Search code examples
ruby-on-railsamazon-sqsshoryuken

SQS + Shoryuken: Large Receive Count in FIFO despite auto_delete=true


I have an AWS SQS FIFO queue configured to deduplicate messages based on content. My rails app uses Shoryuken worker to get messages from SQS. Here is the worker code:

class MyJob
  include Shoryuken::Worker

  shoryuken_options queue: "myjobs-#{ENV['RAILS_ENV']}.fifo",
                    auto_delete: true,
                    body_parser: JSON

  def perform(message_meta, message_body)
    # do stuff
  end
end

As you can see, it's configured to automatically delete messages from queue, once received. But today something strange happened. I noticed that the worker performs a large number of identical tasks.

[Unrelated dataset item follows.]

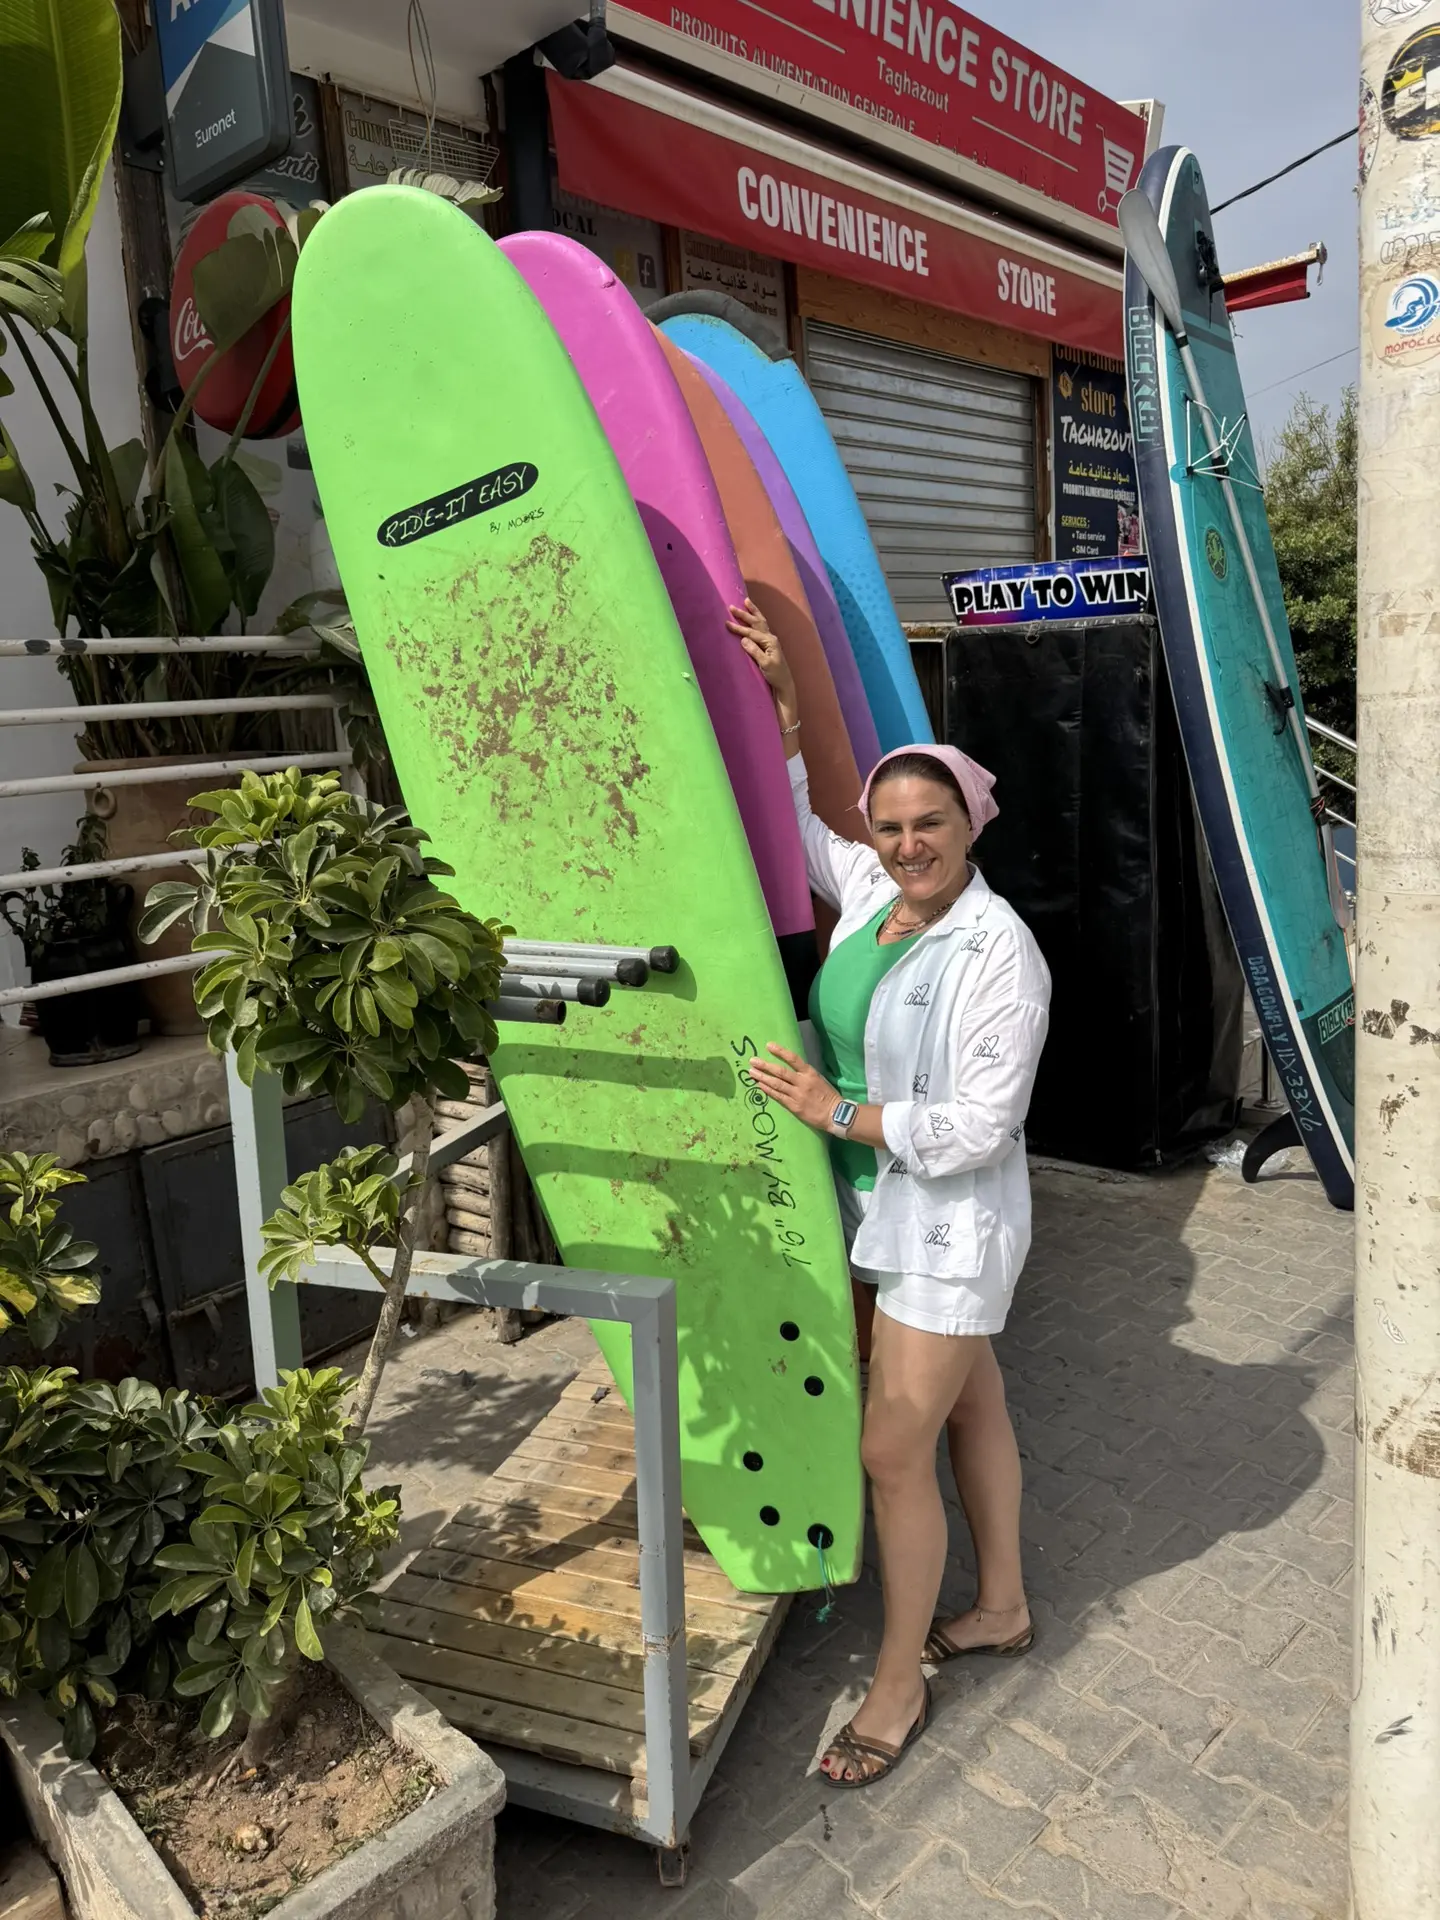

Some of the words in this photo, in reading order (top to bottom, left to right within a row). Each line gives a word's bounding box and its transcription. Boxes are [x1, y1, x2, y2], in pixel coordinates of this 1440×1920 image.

When I opened the SQS Queue in AWS Console, I saw there was a message in it, which looked it was received multiple times by the worker. Here are its attributes, notice the Receive Count:

Message ID: 9207017f-ad15-4de8-97c4-cf391c8f3840

Size: 1.3 KB

MD5 of Body: 55918bf431e31e4badae0720453aea35

Sent: 2018-12-11 10:40:53.978 GMT-08:00

First Received: 2018-12-11 10:40:54.045 GMT-08:00

Receive Count: 2654

Message Attribute Count: 0

Message Group ID: default Message

Deduplication ID: c5fb9acda5e3c9c82dc0ae3f0b1cff5bd7067d0cf942075c4c38dddd1fbc1ed1

Sequence Number: 37288893882837472512

Any idea how that could happen?

Platform details: Ubuntu, ruby 2.5.3, Rails: 5.2.2, Shoryuken: 4.0.2


Solution

  • Turns out, the problem was with the queue's VisibilityTimeout setting. By default it is set to 30 seconds, but often messages would arrive to the receiver side outside of the allowed 30 seconds, and this would mean that Shoryuken would fail to delete the received message from the queue with the following error:

    ERROR: Could not delete 0, code: 'ReceiptHandleIsInvalid', message: 'The receipt handle has expired', sender_fault: true

    The solution is to increase the VisibilityTimeout. I set it to the maximum allowed 12 hours, and that resolved the issue.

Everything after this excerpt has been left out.